Небо земных надежд - Нонна Орешина
Шрифт:
Интервал:
Закладка:
Процедура эта повторялась не единожды, и тетя Клава, что-то заподозрив, каждый раз входила в комнату, сверлила взглядом Мишку, но при Димке сына не ругала. Она была широколицей и объемистой, не то, что стройная Димкина мама, – ту ветром снесет, если он посильнее подует, как любит шутить соседка Наталия Львовна.
– Чего шибошитесь? – у тети Клавы и голос подстать фигуре. – А, это ты, Дима… Отец сегодня летает? Рад, поди… Это моему Петруше, как полеты, мороки больше. Да все на ветру, да в стужу… Радикулит уже нажил…
– Димке позвонить надо, – Мишка привык к материнским причитаниям, не слишком с ней церемонится, считая себя в отсутствие отца главным в доме.
– Звони, раз надо, – улыбнувшись, тетя Клава выплыла в кухню, где у нее стояла электроплита, и постоянно что-то варилось. Мишка вышел в сени.
Димка не спеша набрал номер. Когда мама ответила, доложил о состоянии дел в супермаркете, вернее, отсутствие таковых, и пообещал, что на этот раз вернется домой засветло.
В доме у Васечкиных было расслабляюще уютно, а потому, скинув куртку, Димка присел рядом с Петей и Павликом и начал помогать близняшкам складывать бумажный кораблик. Но вскоре появился Мишка. Он переоделся в старую отцовскую куртку, засаленную, с облезлым воротником, но еще достаточно теплую.

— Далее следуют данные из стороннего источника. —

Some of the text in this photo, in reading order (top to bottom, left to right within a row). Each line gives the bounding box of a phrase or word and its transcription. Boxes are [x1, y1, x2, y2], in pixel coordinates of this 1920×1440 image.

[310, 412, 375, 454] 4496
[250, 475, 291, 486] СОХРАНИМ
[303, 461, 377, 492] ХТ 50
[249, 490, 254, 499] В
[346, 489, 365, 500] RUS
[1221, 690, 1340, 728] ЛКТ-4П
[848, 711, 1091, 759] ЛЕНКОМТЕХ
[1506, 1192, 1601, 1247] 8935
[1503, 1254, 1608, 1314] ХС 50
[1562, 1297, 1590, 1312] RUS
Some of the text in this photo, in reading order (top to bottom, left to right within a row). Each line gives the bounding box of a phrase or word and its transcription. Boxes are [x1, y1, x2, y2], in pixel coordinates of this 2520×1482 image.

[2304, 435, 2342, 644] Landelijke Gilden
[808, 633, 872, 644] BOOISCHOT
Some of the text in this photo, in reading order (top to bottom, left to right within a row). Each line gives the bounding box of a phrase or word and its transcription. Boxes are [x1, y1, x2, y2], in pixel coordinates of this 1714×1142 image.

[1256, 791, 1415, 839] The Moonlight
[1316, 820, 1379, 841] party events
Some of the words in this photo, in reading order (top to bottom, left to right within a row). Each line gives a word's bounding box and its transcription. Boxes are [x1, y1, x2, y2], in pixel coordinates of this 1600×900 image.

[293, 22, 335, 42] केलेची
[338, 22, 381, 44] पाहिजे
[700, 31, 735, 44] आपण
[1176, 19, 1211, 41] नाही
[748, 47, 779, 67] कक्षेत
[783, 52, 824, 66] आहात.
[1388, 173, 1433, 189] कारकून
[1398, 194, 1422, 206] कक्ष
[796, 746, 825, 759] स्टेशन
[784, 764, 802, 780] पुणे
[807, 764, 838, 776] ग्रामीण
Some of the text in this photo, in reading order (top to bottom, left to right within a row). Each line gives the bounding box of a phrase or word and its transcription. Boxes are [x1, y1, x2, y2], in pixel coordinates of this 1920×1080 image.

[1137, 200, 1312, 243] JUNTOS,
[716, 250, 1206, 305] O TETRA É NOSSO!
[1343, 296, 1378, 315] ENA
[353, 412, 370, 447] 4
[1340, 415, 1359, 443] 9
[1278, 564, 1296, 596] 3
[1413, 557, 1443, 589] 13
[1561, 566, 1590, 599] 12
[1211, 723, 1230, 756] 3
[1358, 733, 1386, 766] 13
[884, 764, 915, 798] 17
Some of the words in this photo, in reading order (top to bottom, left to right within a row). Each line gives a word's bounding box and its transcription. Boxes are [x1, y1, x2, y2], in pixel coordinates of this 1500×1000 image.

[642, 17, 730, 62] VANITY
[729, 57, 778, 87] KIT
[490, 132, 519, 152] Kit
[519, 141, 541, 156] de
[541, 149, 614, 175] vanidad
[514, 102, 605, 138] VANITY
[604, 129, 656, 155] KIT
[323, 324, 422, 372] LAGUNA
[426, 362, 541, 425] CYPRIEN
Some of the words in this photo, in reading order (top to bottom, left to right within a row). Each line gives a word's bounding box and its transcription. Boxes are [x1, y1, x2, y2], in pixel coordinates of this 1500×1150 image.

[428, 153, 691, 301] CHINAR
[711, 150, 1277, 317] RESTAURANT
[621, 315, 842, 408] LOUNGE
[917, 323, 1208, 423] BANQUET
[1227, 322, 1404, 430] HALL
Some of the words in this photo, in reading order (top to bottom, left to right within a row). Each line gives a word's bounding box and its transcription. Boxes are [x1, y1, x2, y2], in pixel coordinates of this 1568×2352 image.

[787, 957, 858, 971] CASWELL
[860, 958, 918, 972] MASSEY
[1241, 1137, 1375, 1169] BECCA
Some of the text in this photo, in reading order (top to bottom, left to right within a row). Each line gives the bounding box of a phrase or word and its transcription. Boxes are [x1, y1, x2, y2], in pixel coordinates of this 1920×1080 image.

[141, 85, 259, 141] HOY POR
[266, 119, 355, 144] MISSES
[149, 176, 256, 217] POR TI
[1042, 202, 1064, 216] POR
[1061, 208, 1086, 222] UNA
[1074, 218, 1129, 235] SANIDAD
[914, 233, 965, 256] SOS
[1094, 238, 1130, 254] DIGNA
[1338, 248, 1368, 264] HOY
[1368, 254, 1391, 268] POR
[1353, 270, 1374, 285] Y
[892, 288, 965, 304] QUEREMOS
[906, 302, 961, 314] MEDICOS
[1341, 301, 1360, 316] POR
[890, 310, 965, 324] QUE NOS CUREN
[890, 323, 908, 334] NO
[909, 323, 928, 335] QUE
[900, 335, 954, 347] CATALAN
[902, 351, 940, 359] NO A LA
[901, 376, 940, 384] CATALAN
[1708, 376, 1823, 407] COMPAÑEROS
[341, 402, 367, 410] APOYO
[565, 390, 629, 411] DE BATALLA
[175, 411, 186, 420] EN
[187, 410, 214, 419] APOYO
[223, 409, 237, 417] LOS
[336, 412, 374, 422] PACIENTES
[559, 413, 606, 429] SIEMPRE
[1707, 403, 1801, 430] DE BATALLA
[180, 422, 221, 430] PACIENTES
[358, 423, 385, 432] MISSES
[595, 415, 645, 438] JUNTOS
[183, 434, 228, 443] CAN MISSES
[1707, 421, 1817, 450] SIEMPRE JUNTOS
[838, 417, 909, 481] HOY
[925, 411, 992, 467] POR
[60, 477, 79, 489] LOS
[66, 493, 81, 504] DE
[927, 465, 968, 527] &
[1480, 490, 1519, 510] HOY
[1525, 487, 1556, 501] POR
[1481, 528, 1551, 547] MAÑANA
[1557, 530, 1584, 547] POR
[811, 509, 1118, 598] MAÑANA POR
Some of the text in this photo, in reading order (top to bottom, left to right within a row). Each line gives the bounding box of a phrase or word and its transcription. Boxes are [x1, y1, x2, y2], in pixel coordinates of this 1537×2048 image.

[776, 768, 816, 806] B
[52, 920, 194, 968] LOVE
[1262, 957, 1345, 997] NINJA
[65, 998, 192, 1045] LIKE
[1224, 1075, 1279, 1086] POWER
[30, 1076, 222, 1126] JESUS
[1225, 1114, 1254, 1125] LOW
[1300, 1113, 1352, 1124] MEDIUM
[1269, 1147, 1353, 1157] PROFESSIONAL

На плече его висела противогазная сумка, где хранился слесарный инструмент, позаимствованный у отца скорее всего без его ведома.
На улице было по-прежнему солнечно, ветрено и морозно, но Димке показалось, что потеплело. Или стало жарко от одной только мысли о том, куда они идут? Он давно знал, чем занимается Мишка, догадывался, откуда у него деньги, но ни о чем детально не расспрашивал, понимая, что, узнав все подробно, станет как бы соучастником. А за это…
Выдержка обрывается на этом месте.